Gratefully, I can Now say Amy’s swift yet gentle nudge in
that direction has encouraged me to shift into a new habit of using those tools
to write down, writing in pen or pencil, NOT on the computer, much of the noise
in my head that just bangs about like a toddler in a kitchen with all the pots
and their lids to play with. I have blown right through a few Okay I Am Now Officially
In The Zone Of Currie Crazies, finding myself travelling a more tranquil path
in what feels like moments, though really it is more like an hour or two… that
writing, I am Now remembering, takes a lot of energy, but oh my is it ever
worth the effort.
I loved Amy’s philosophy of Empowerment coming from the
inside.
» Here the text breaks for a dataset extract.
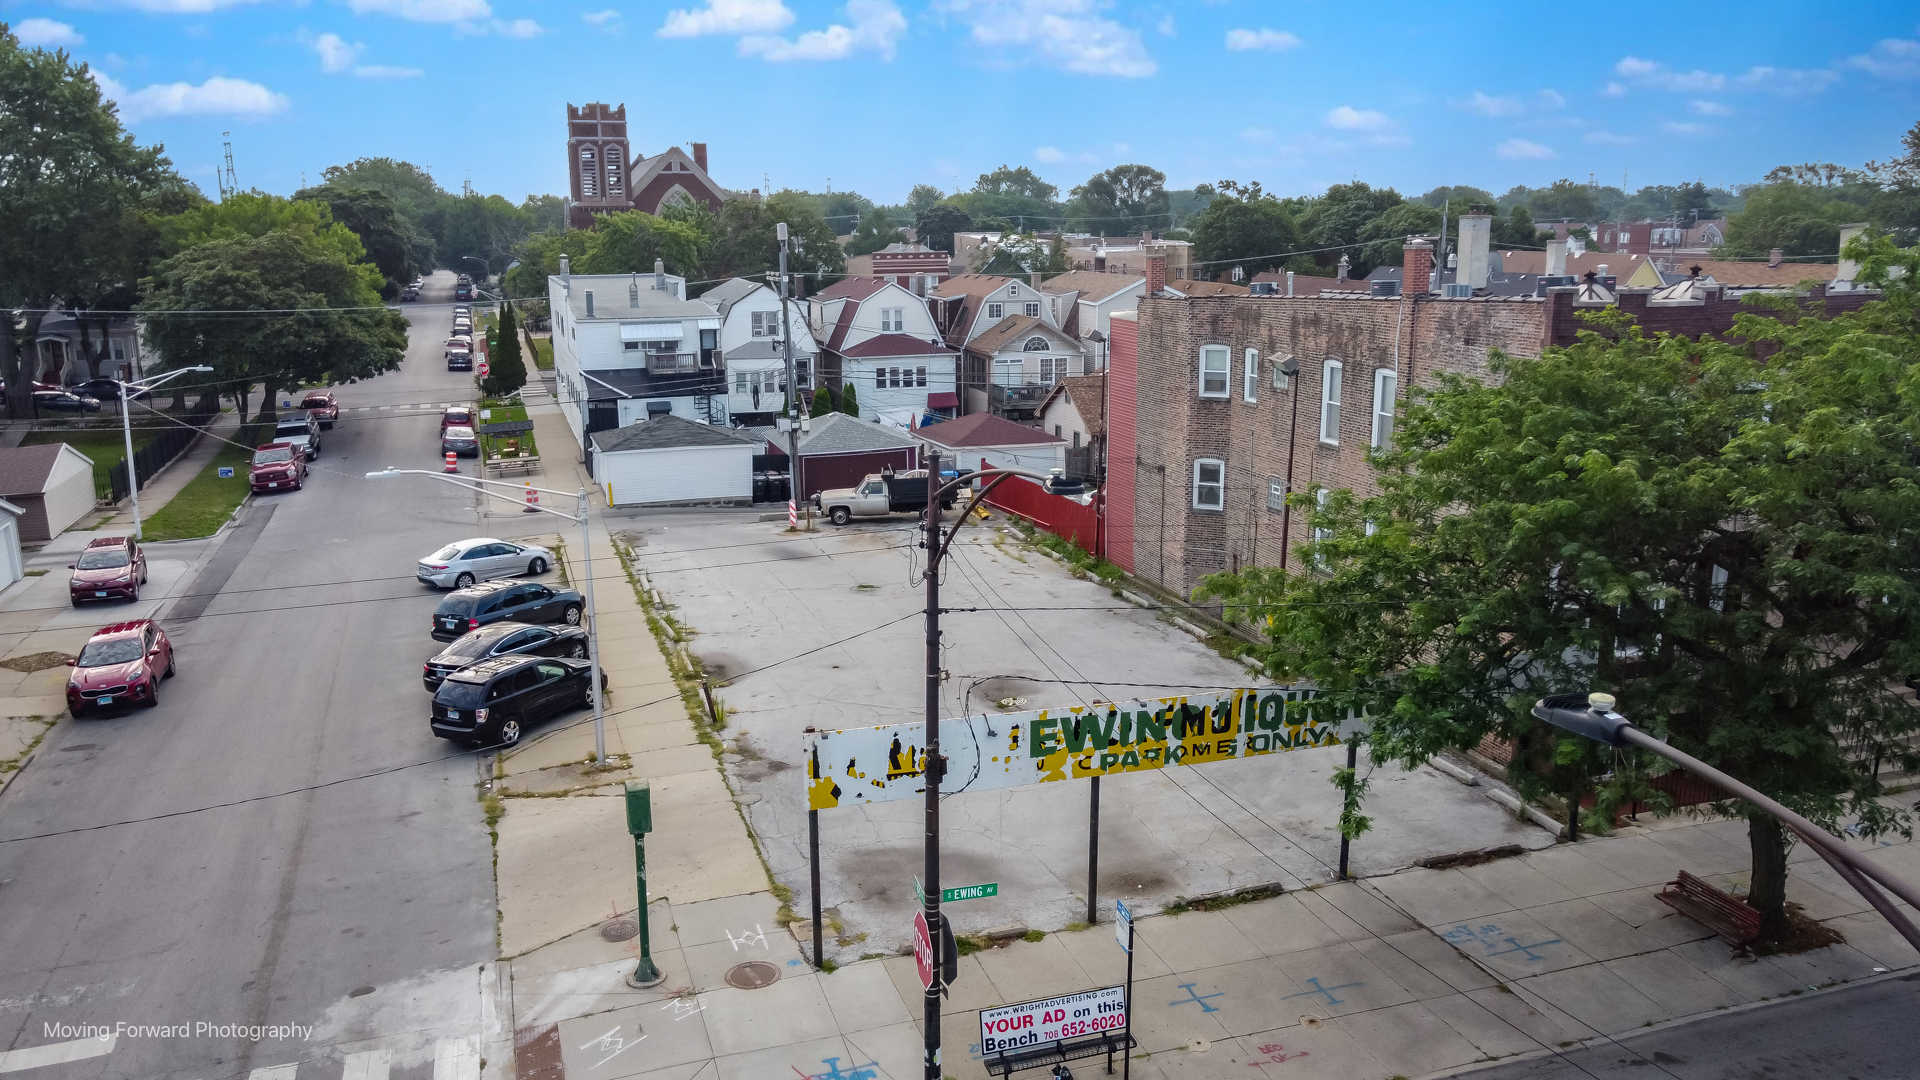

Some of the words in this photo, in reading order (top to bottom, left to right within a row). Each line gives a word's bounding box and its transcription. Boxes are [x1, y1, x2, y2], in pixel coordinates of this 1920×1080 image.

So often, despite knowing that my thoughts create my Life, I get to
thinking about things I KNOW won’t bring me to a happy place, encourage my
dreams, or let me BE of Service in the World. The capacity to STOP and empower
myself by challenging those runaway thoughts is always there. I suppose, well,
I suppose I got lazy and I also wandered far afield from this way of living and
BEing.
In Lisa Braithwaite’s interview I was immediately struck by
SIMILARITIES. I love when that happens. It seemed for me like I’d passed along a
long stretch of highway without seeing anything that looked familiar. As I read
her sharing about her panic attacks, yet more than the attacks, her way of accepting and dealing with them
as just part of Life, I had one of those moments where I caught myself nodding
and smiling as I read. There are aspects of that in MY Life, NOT the same but
similar, and my process is simply to accept that as true for me.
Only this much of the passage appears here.